In the middle ages, clerical celibacy was the ideal, but not always the norm. Stories of bishops flaunting mistresses are countless, hint at a widespread acceptance of the sometimes intolerable strain of abiding by a church law which, many believed, was not essential to a good spiritual life.
Headlines about the Vatican and Cardinal Keith O'Brien, head of the Catholic Church in Scotland, would lead you to assume that even in this vastly more transparent and public age, and despite their vows of celibacy, sex plays an astonishingly large part in the life of the Catholic clergy. It has emerged that three priests and a former priest have lodged complaints against Cardinal O'Brien for "inappropriate acts". Yet whether the cardinal – who contests these – is innocent or guilty, the fact that priests have felt able to make official accusations against a man in his august position is remarkable. Fifty years ago, such a thing would have been unthinkable. At the very least, it would almost certainly have spelled the end of a priest's career.
In the light of these allegations, the timing of the previous report that Cardinal O'Brien suggested the church ought to consider the idea of ordaining married priests was rather curious. This statement quickly led to a flurry of theological experts eager to put the cardinal's comments into context. He was not, they stressed, advocating that Catholic priests could soon hope to become married, rather that married lay-people or married clergy from other denominations could be ordained as priests.
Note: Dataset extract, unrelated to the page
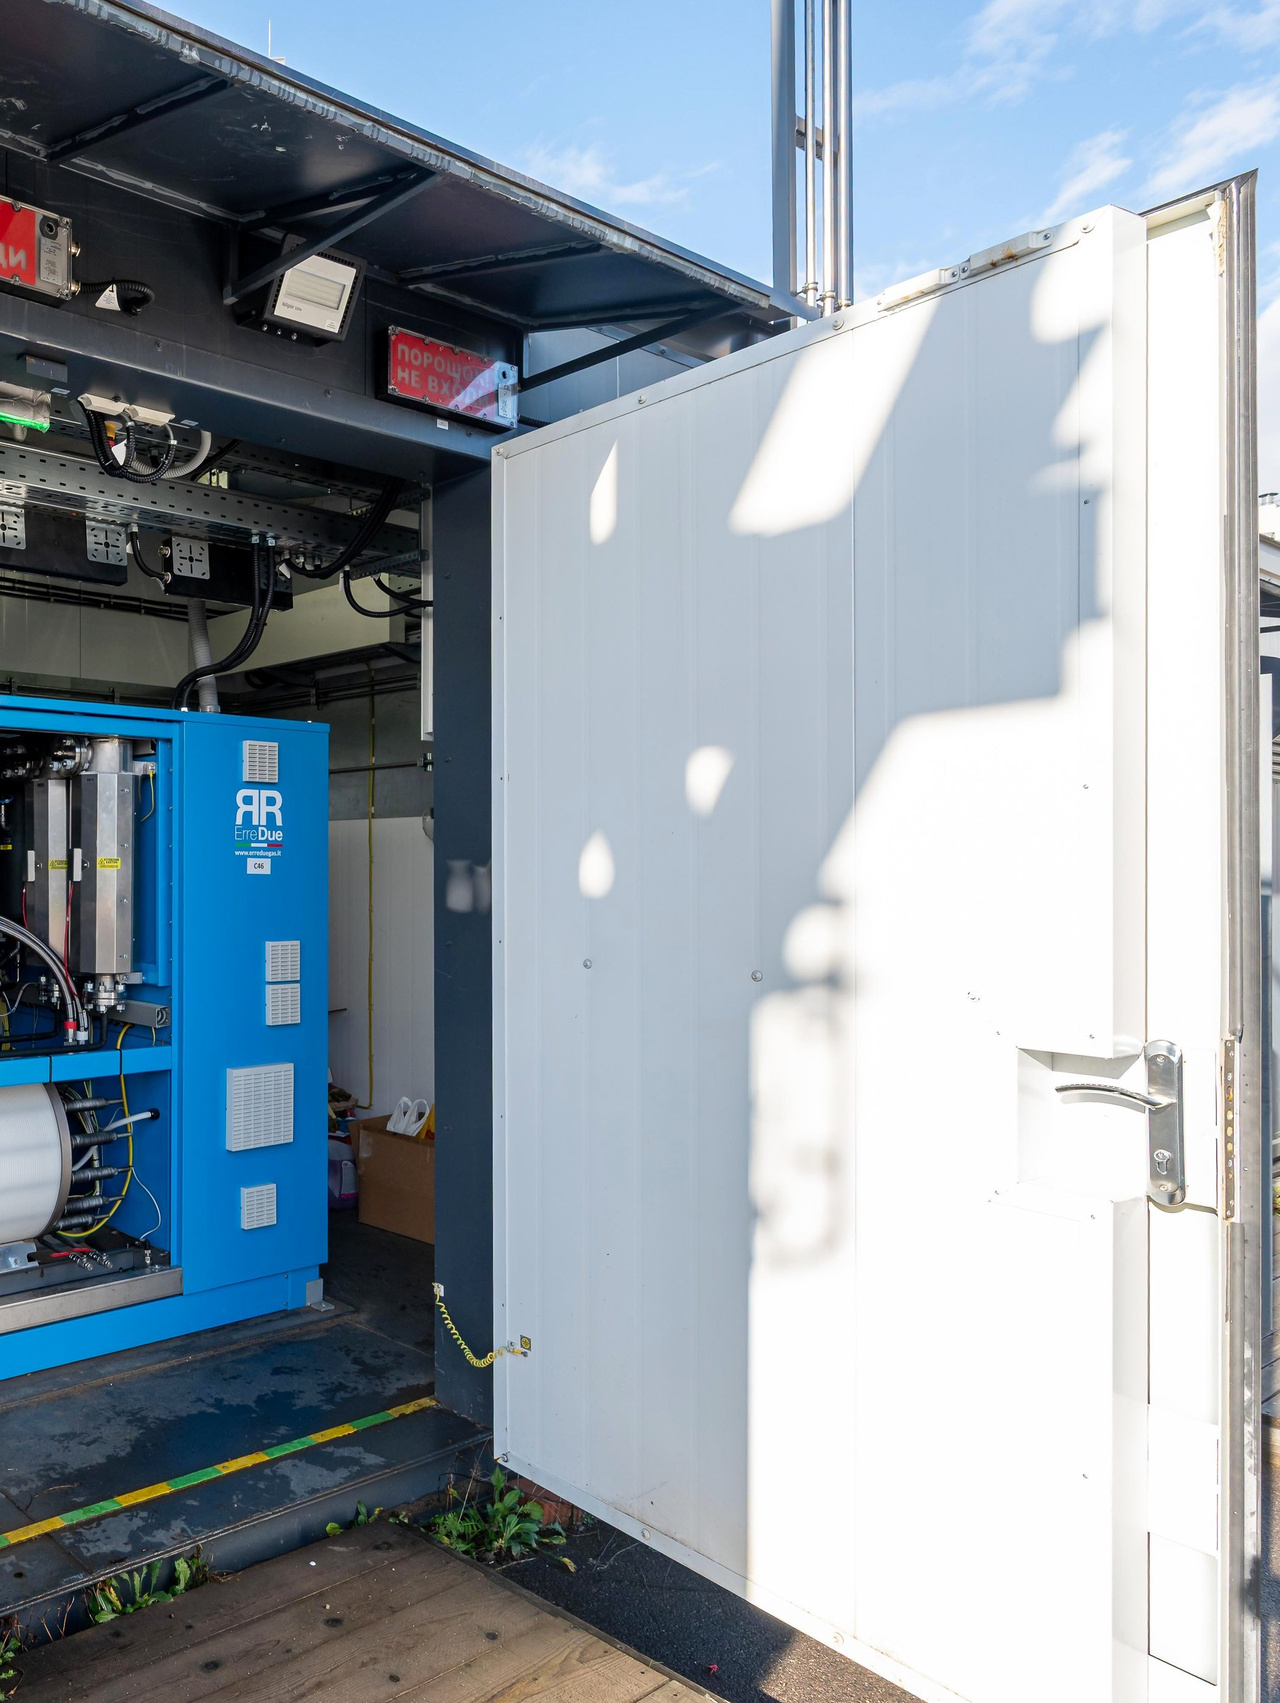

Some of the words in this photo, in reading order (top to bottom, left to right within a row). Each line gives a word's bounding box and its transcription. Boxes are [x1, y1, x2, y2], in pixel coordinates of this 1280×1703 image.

Nevertheless, his seemingly off-the-cuff remarks are significant, hinting as they do that at long last some in the Catholic Church acknowledge it should reconsider its inflexible position on celibacy. A merciless critic of practising homosexuals, the cardinal was referring, obviously, only to straight priests, but following the litany of accusations across the Catholic church of sexual abuse, much of it involving not just laity but also priests, it is surely time for the church to face up to issues of sexuality of every sort within its ordained ranks.
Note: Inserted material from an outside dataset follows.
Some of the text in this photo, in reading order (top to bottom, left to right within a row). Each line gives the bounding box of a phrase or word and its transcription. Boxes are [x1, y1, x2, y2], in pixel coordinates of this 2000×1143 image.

As one scandal follows another, it is clear there is extreme dysfunction within the clergy at every level. Rumours published last week in La Repubblica that the Pope's resignation was prompted by an internal report detailing a coterie of gay prelates in the Vatican have been neither confirmed nor denied by his spokesmen. But that Benedict XVI is considering releasing this explosive document ahead of the vote on his successor indicates a church in severe crisis, and all of it over sex.
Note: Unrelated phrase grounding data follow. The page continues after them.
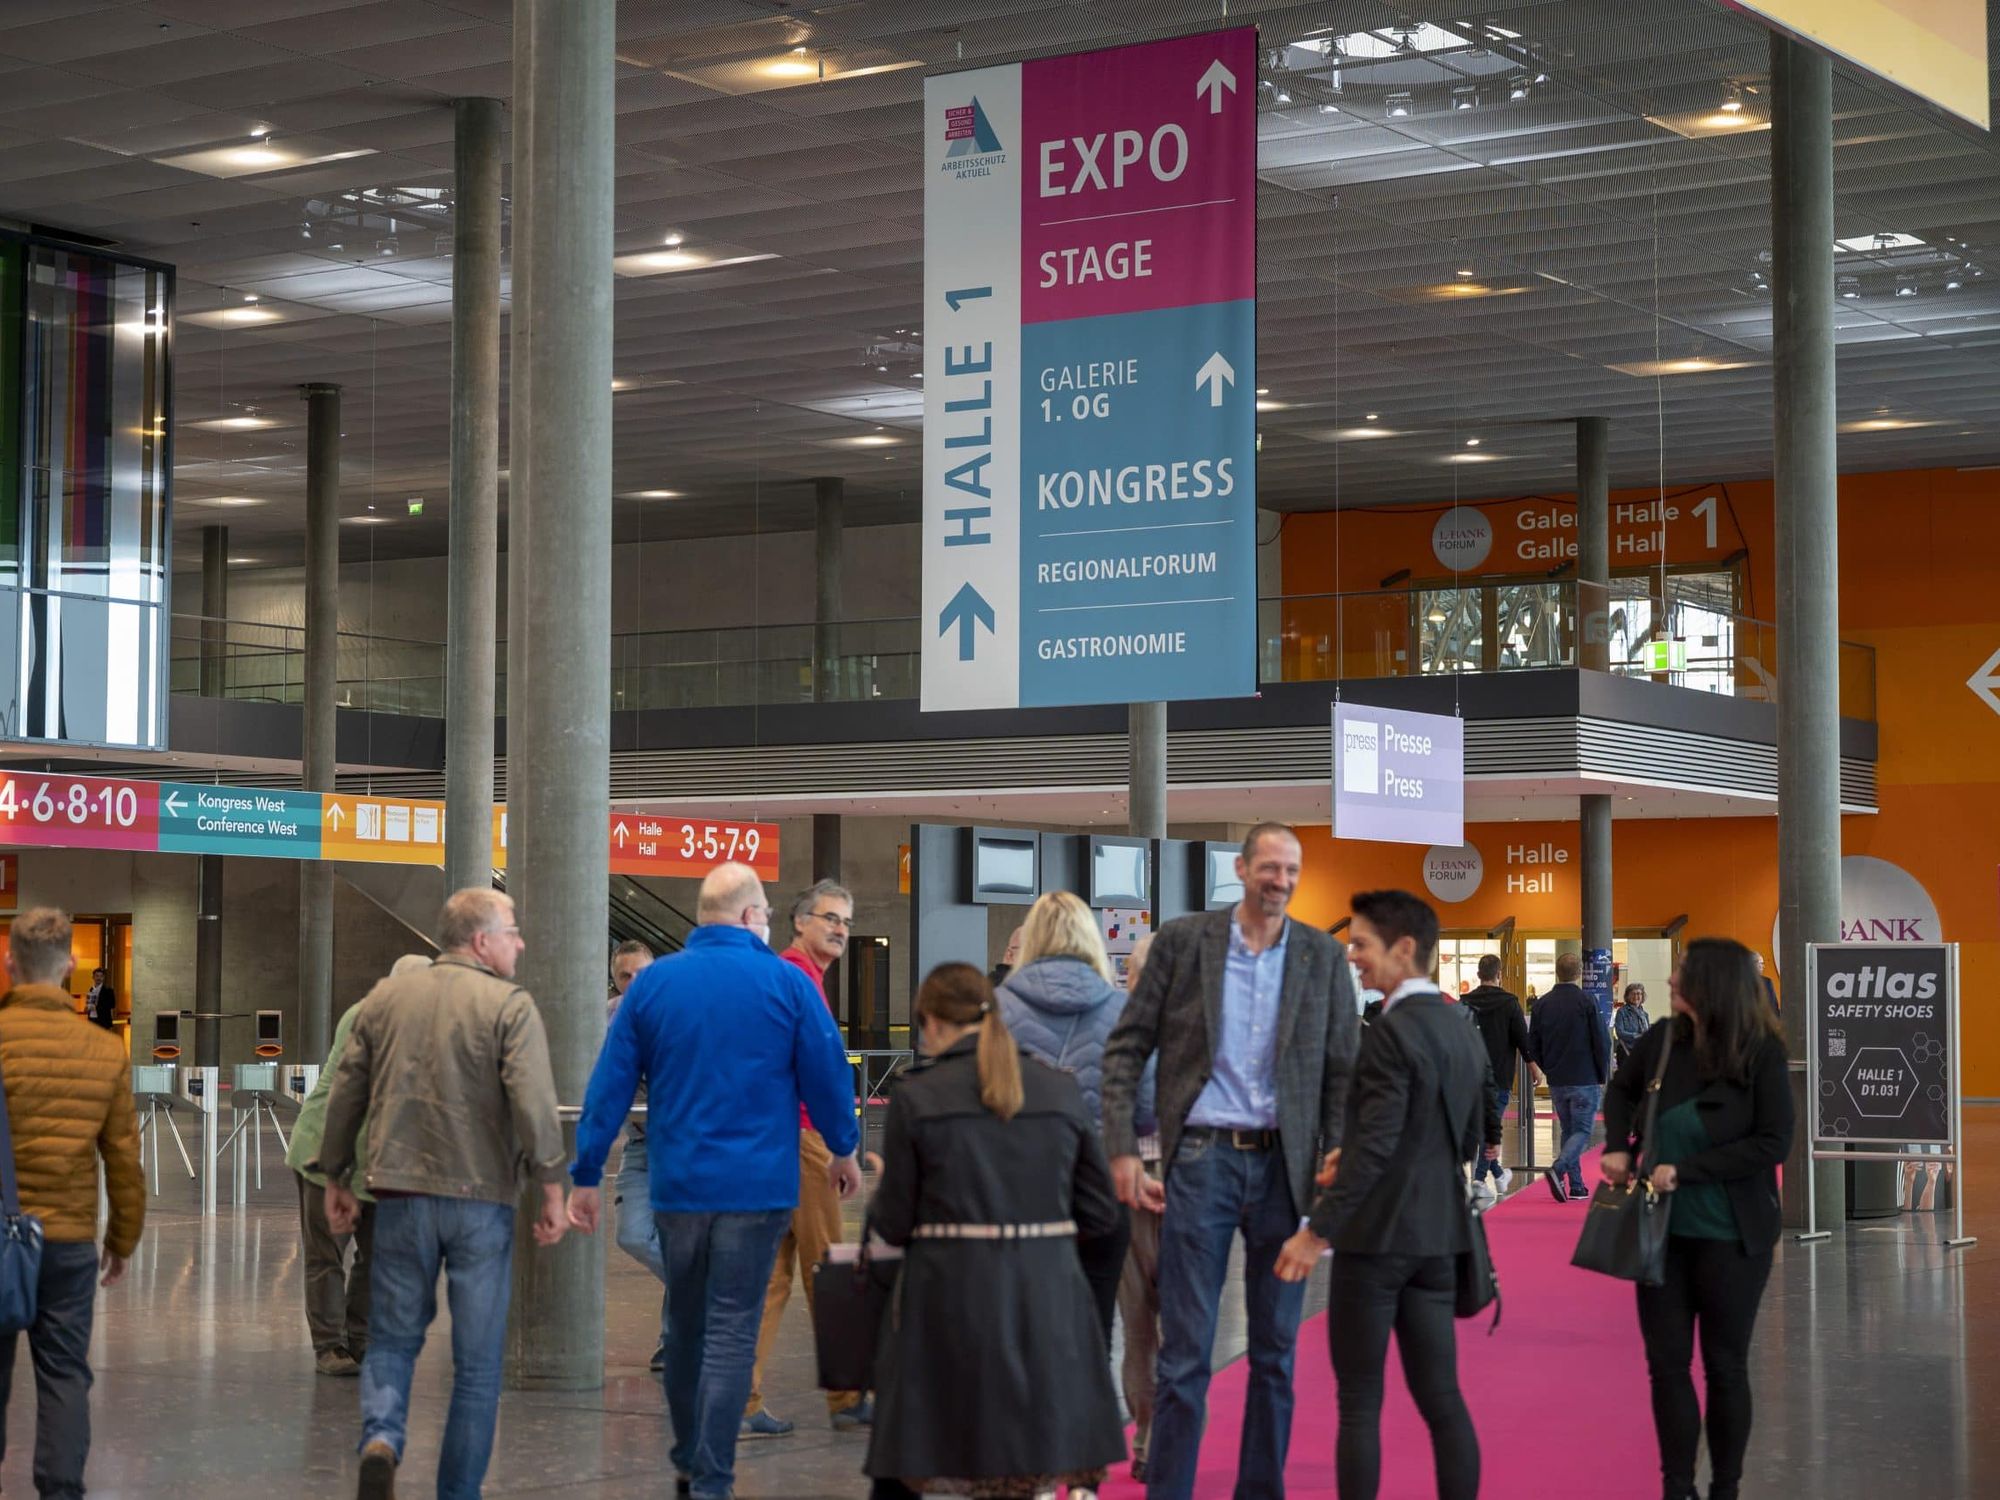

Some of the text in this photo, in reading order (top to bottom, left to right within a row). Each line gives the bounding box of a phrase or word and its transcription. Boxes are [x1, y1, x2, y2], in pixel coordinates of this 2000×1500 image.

[941, 154, 1006, 172] ARBEITSSCHUTZ
[1040, 123, 1188, 198] EXPO
[956, 166, 991, 180] AKTUELL
[1040, 239, 1152, 288] STAGE
[1040, 359, 1138, 392] GALERIE
[944, 286, 992, 547] HALLE 1
[1041, 393, 1109, 423] 1. OG
[1038, 457, 1235, 511] KONGRESS
[1616, 501, 1680, 524] Halle
[1691, 497, 1717, 549] 1
[1439, 539, 1476, 550] FORUM
[1516, 531, 1664, 560] Galle Hall
[1038, 551, 1217, 583] REGIONALFORUM
[1038, 632, 1186, 660] GASTRONOMIE
[1344, 732, 1377, 753] press
[1384, 723, 1432, 756] Presse
[1384, 768, 1424, 799] Press
[198, 792, 286, 813] Kongress West
[197, 816, 298, 836] Conference West
[639, 822, 663, 836] Halle
[639, 842, 657, 856] Hall
[1507, 843, 1568, 864] Halle
[1429, 871, 1467, 880] FORUM
[1507, 872, 1553, 893] Hall
[1827, 966, 1937, 999] atlas
[1827, 1004, 1934, 1018] SAFETY SHOES
[1857, 1068, 1903, 1081] HALLE 1
[1860, 1084, 1900, 1097] D1.031
The days when priests earned unthinking respect are long gone. Many devout Catholics have been horrified to discover the depths of hypocrisy some priests have been capable of, either in their private behaviour, or in covering up the criminal wrong-doing of others. Now, as the church reels at each new revelation, the picture is ugly. Rocked to its roots, this once monolithic institution is going through an excruciatingly painful, disturbing and humbling epoch, in which the deeply damaging consequences of thwarted or – in the case of paedophiles – deviant sexual desires have been made public. Indeed, this tumultous, disillusioning period might eventually prove as pivotal in Catholic history as the Reformation.
One almost hopes that will be the case. After all, a growing willingness to discuss sex and celibacy honestly, openly and compassionately could be the most positive, enlightening and liberating conversation the church has ever had.